If there are multiple threads running, how does the synchronisation work? Having a single end point and receive buffer shared between the threads implies that asio waits for a handler to complete within a single thread before calling the handler in another thread in the case that a message arrived in the meantime. That seems to negate the point of allowing multiple threads to call run in the first place.

If I want to get concurrent serving of requests, it looks like I need to hand off the work packets, along with a copy of the end point, to a separate thread allowing the handler method to return immediately so that asio can get on and pass another message in parallel to another one of the threads that called run().

That seems more than somewhat nasty. What am I missing here?

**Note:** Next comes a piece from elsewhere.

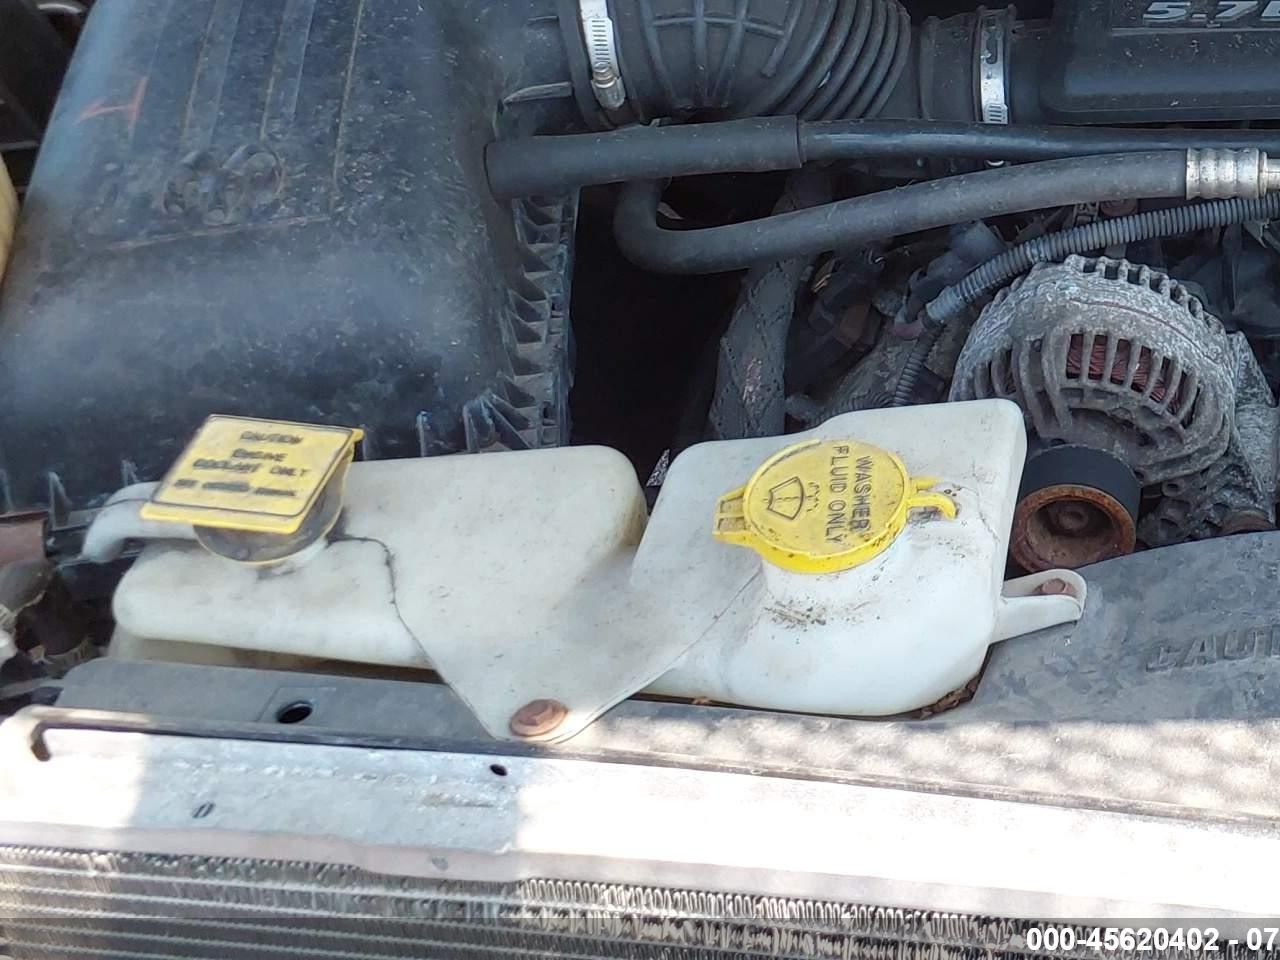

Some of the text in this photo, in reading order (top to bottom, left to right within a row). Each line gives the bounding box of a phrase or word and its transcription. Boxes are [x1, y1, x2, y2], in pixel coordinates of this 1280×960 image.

[240, 431, 304, 444] CAUTION
[826, 445, 850, 544] FLUID ONLY
[850, 456, 874, 532] WASHER

Unhook answered 2/11, 2014 at 19:47 Comment(3)
Re-reading your last paragraph, it looks like you have a good grasp of things already. However, the hand-off doesn't really need to be "nasty", as I hope my answer shows (the post(...) lines does that).Heavy
I wish that the work of servicing the requests was, as you say, minimal. Sadly, in the case I'm working on, it's a long running complex operation, sometimes requiring calls out to other services. I did a bit of testing with Ubuntu 14 and, as guessed, was able to show that the handler is never called concurrently regardless of the number of threads that call run() on the io_service so using the approach of having boost manage my threads behind the scenes isn't going to work. Looks like I'm back to the explicit pool approach. Thanks for the answer all the same.Unhook
The demo in my answer does, as you can [see when you make the processing take 1..3s](), then certainly the service will do the work concurrently. However, in general, you don't want to run any blocking operations on the IO queue. This is precisely the topic of this question. So yes, either make the blocking operations async, or use a separate queue for the blocking operations (a second io_service could be a simple option)Heavy
H
7

Having a single end point and receive buffer shared between the threads implies that asio waits for a handler to complete within a single thread

If you mean "when running the service with a a single thread" then this is correct.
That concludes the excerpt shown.